Assigned task —
What is needed is an exact copy of the entries below, with the pictures left out.

Recorded information —
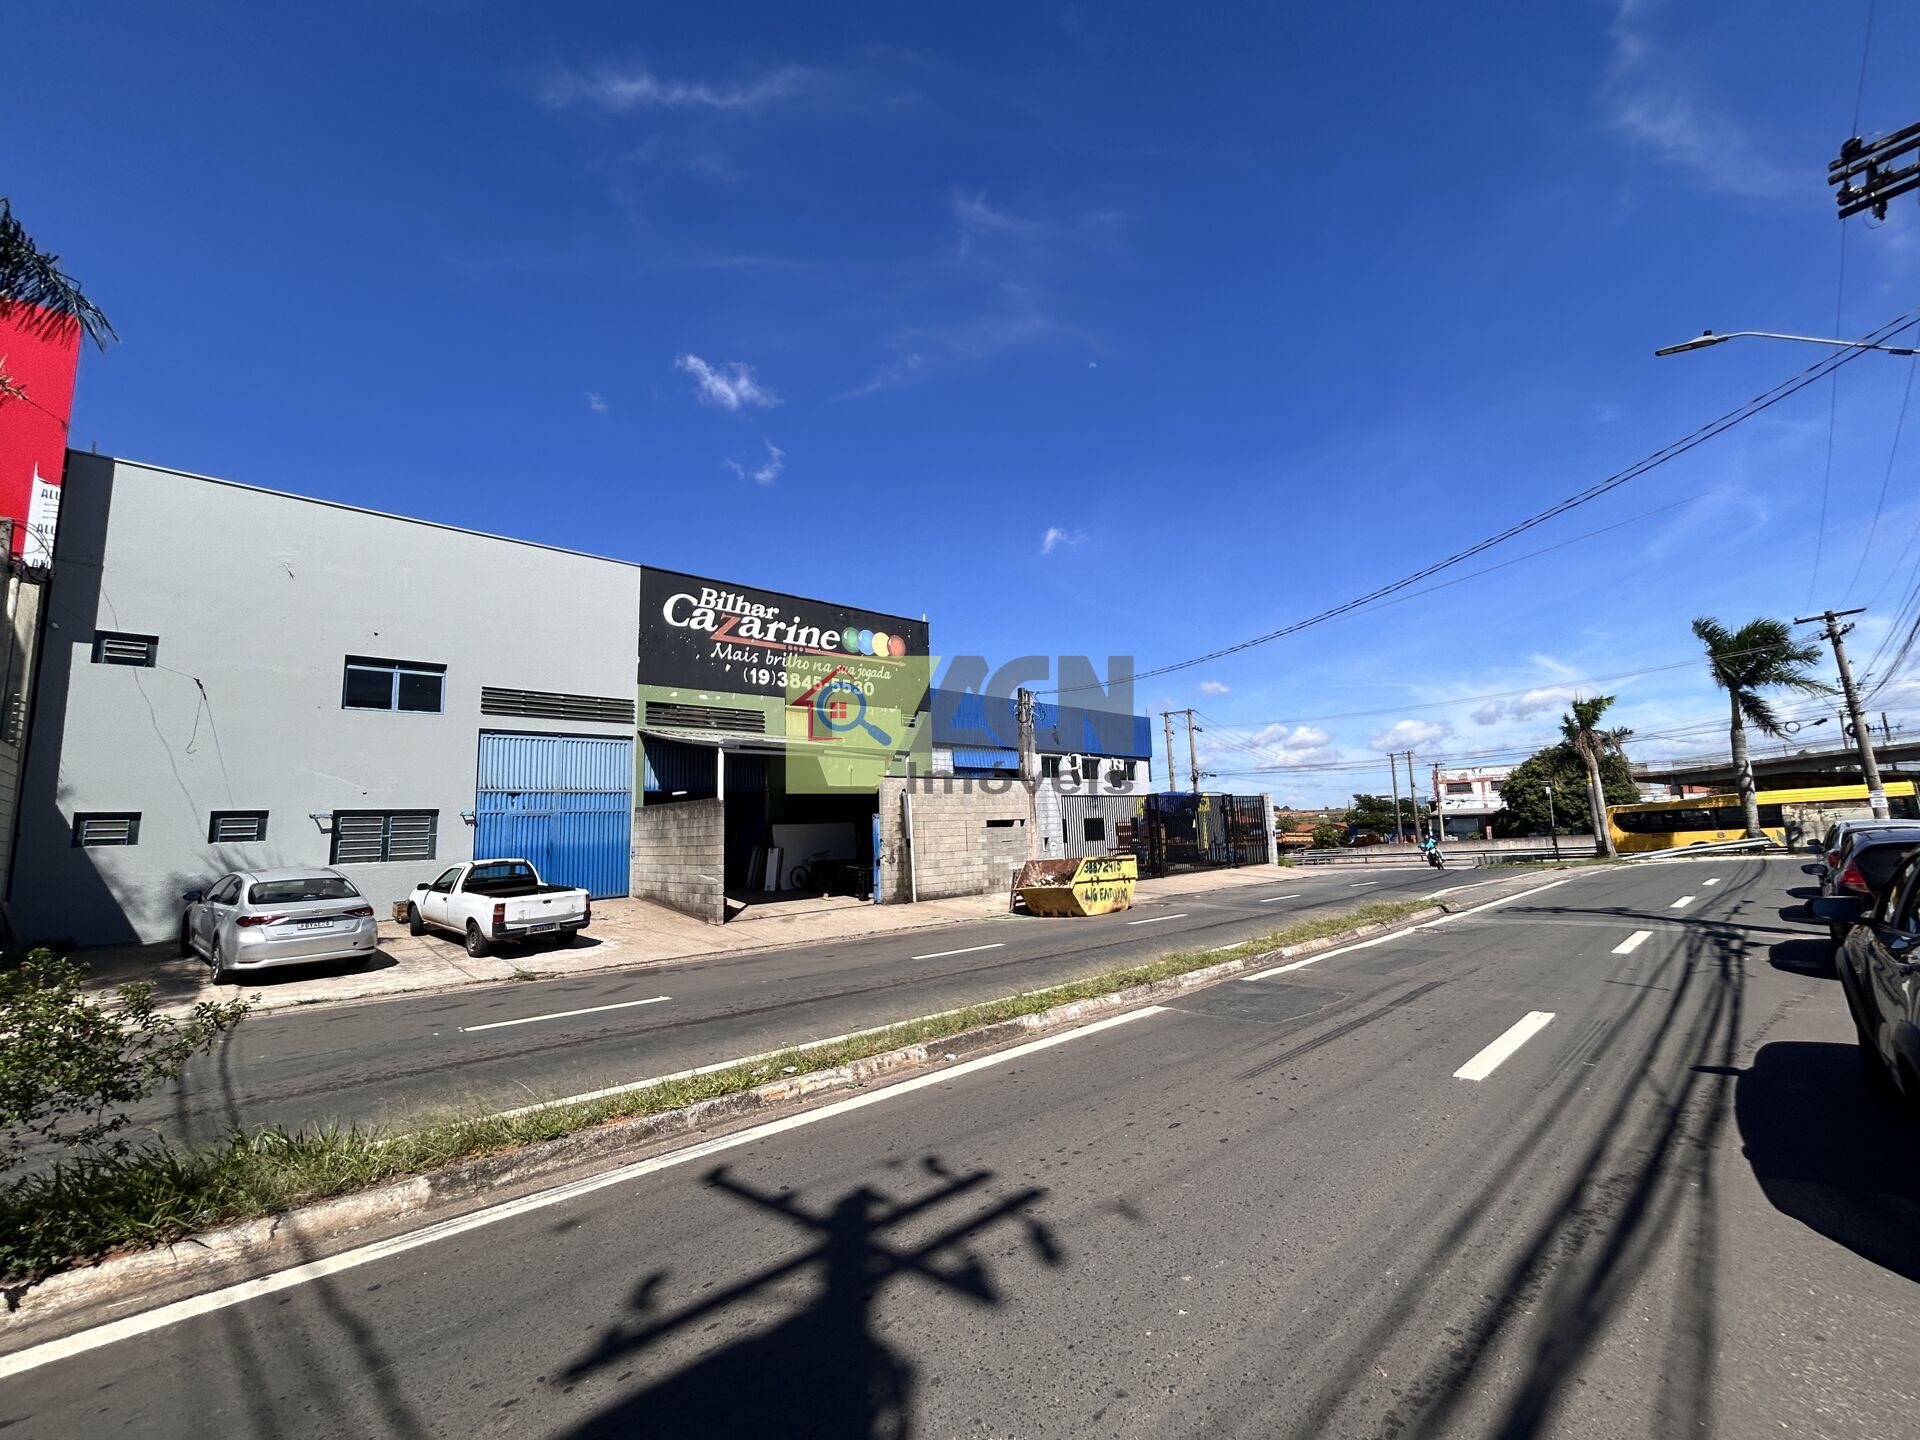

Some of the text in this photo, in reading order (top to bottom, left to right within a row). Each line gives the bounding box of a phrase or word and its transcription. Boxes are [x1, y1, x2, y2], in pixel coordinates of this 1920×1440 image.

[662, 593, 841, 650] Cazarine
[698, 587, 780, 619] Bilhar
[710, 642, 758, 664] Mais
[766, 649, 809, 671] brilho
[813, 663, 833, 673] na
[855, 665, 891, 682] jogada

Completed task —
Some of the text in this photo, in reading order (top to bottom, left to right within a row). Each line gives the bounding box of a phrase or word and its transcription. Boxes are [x1, y1, x2, y2], in pixel coordinates of this 1920×1440 image.

[662, 593, 841, 650] Cazarine
[698, 587, 780, 619] Bilhar
[710, 642, 758, 664] Mais
[766, 649, 809, 671] brilho
[813, 663, 833, 673] na
[855, 665, 891, 682] jogada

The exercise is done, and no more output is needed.